-------- Excerpted records
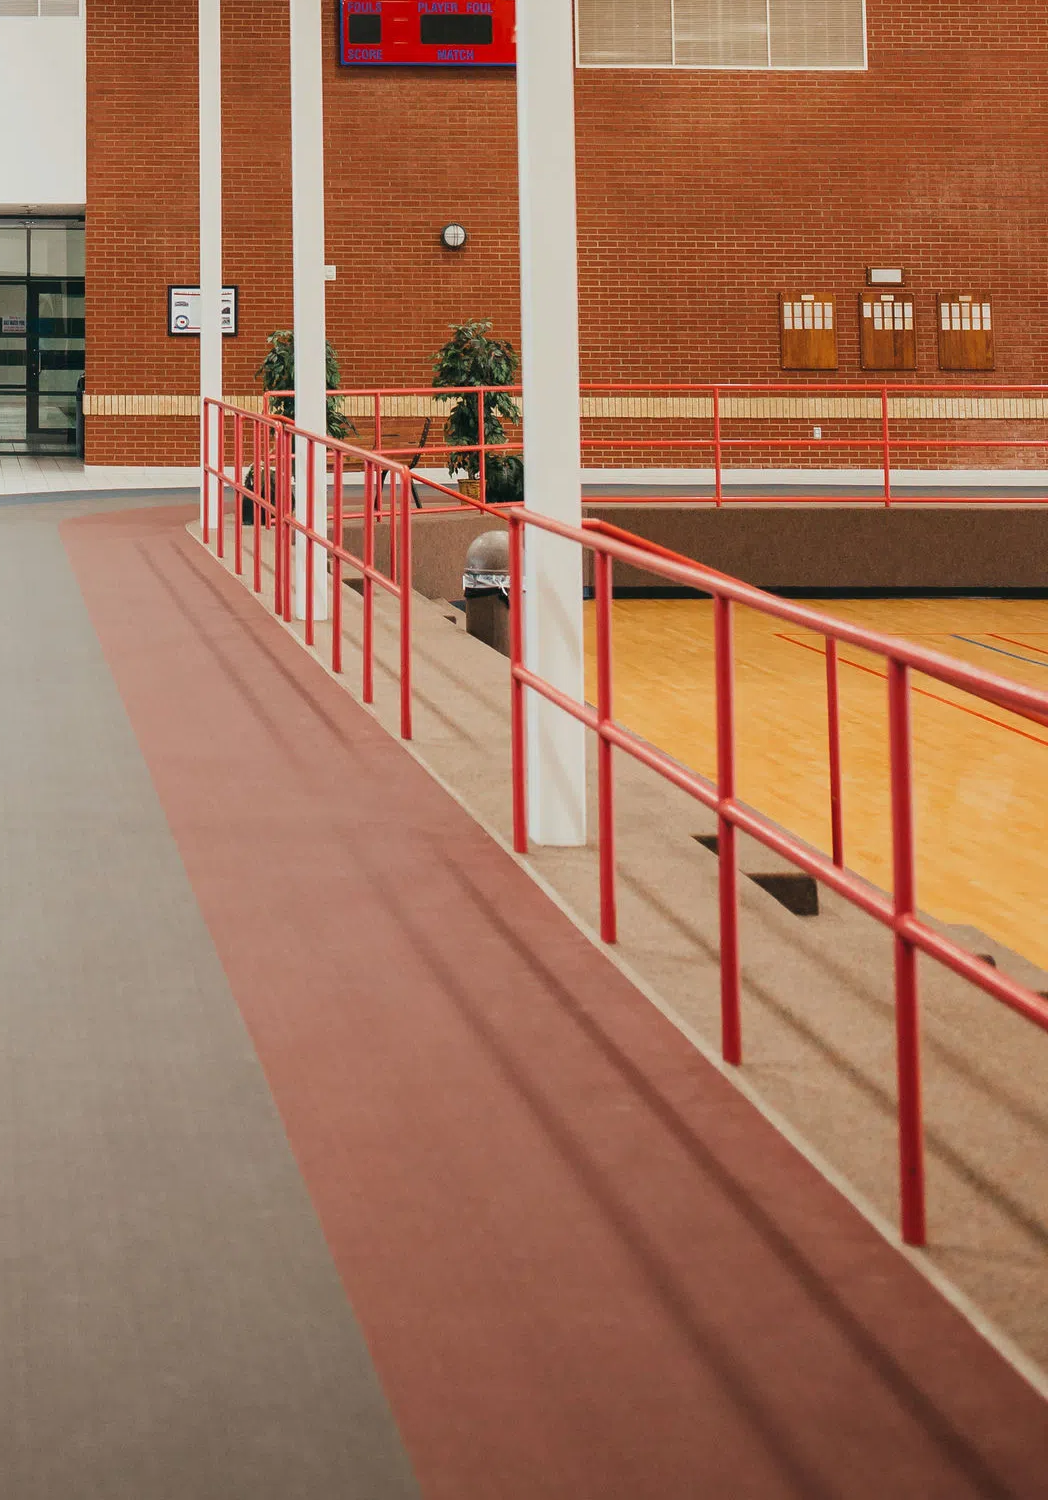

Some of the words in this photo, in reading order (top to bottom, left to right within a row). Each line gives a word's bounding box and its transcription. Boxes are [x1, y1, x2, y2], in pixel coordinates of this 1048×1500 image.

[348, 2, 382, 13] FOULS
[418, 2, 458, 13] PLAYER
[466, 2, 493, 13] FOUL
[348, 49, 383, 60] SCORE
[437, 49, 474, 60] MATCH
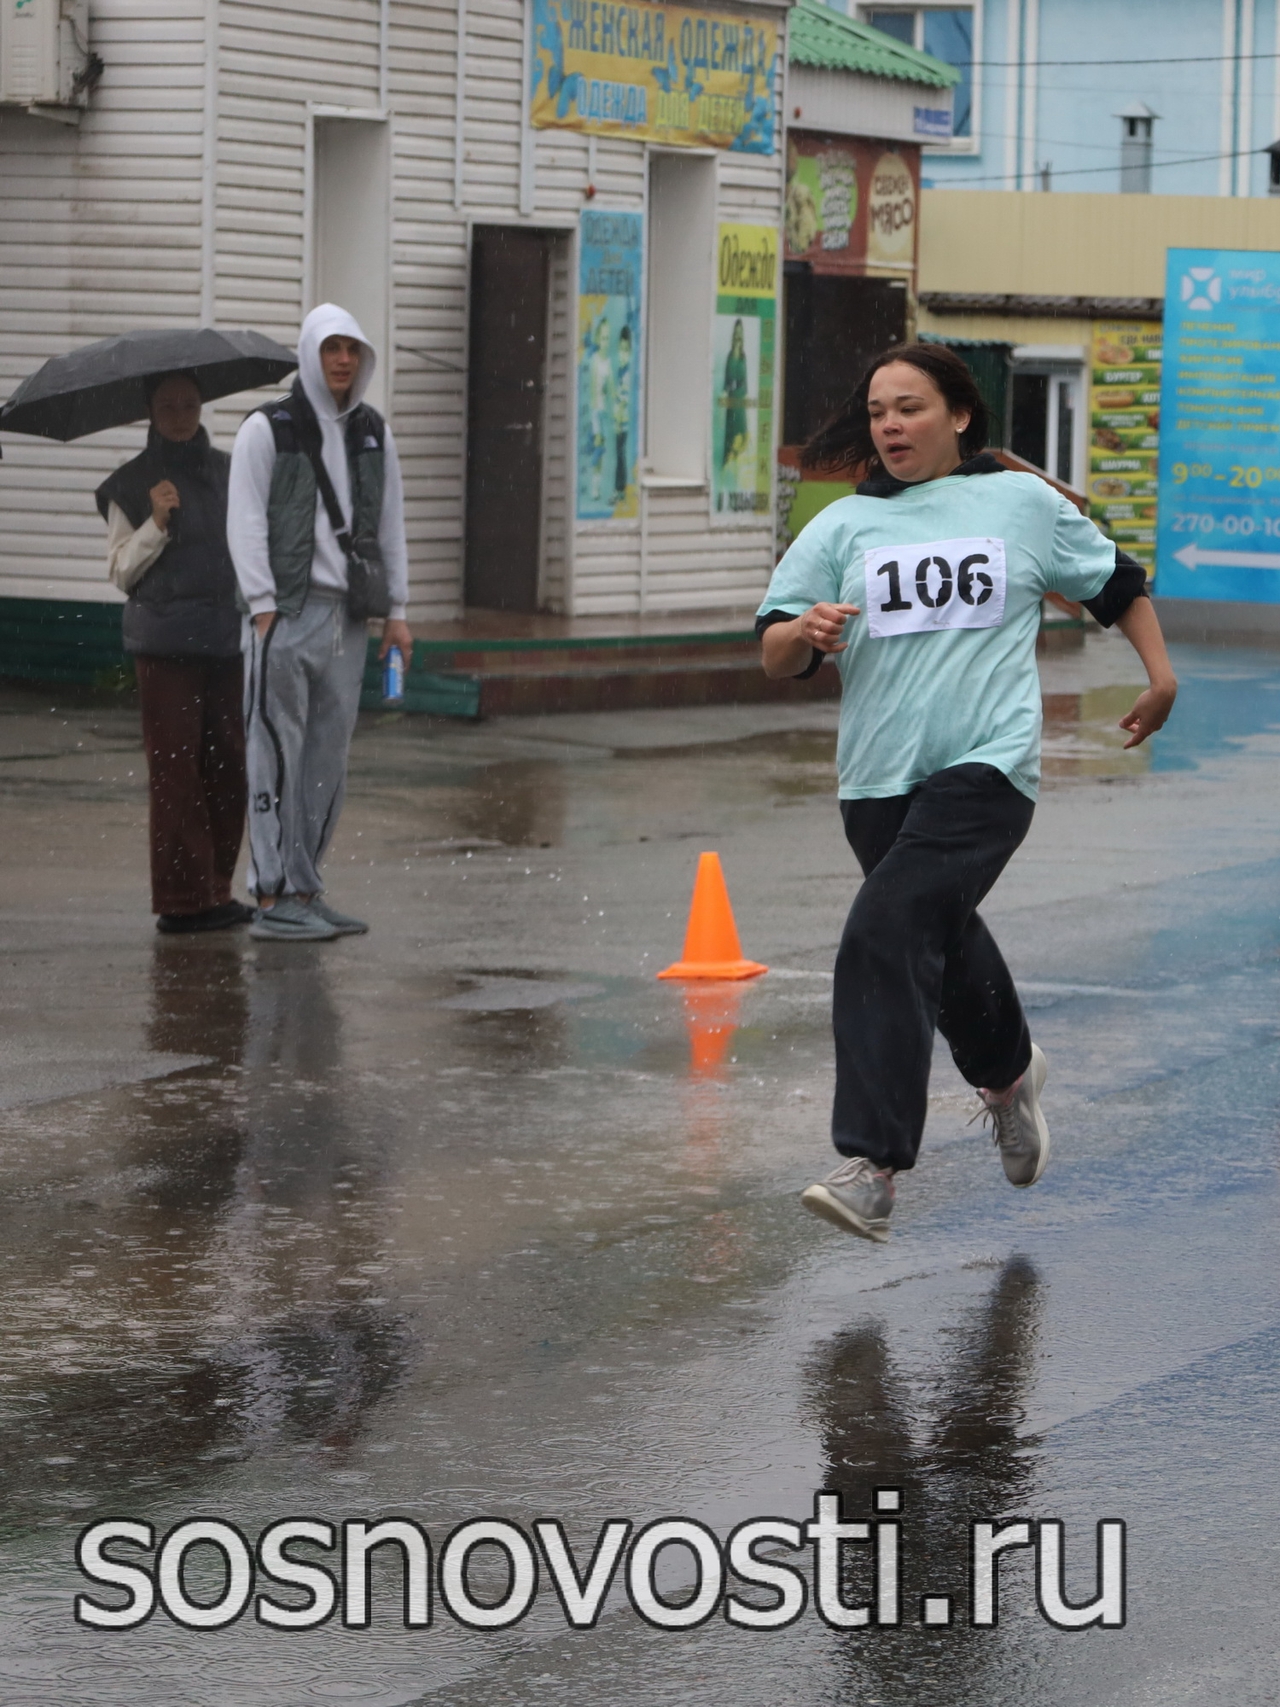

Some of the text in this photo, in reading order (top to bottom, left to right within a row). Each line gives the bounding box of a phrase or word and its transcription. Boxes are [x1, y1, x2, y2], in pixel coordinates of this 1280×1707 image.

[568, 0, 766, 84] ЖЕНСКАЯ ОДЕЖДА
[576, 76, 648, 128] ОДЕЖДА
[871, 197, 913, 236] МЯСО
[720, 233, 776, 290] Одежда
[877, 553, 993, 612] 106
----------------
- [Task goal]:
Restate each record from above word for word, excluding any picture it holds.

- [Exercise result]:
Some of the words in this photo, in reading order (top to bottom, left to right within a row). Each line gives a word's bounding box and its transcription. Boxes are [x1, y1, x2, y2], in pixel coordinates of this 1048×1500 image.

[348, 2, 382, 13] FOULS
[418, 2, 458, 13] PLAYER
[466, 2, 493, 13] FOUL
[348, 49, 383, 60] SCORE
[437, 49, 474, 60] MATCH

Some of the text in this photo, in reading order (top to bottom, left to right within a row). Each line gives the bounding box of a phrase or word and its transcription. Boxes are [x1, y1, x2, y2], in pixel coordinates of this 1280×1707 image.

[568, 0, 766, 84] ЖЕНСКАЯ ОДЕЖДА
[576, 76, 648, 128] ОДЕЖДА
[871, 197, 913, 236] МЯСО
[720, 233, 776, 290] Одежда
[877, 553, 993, 612] 106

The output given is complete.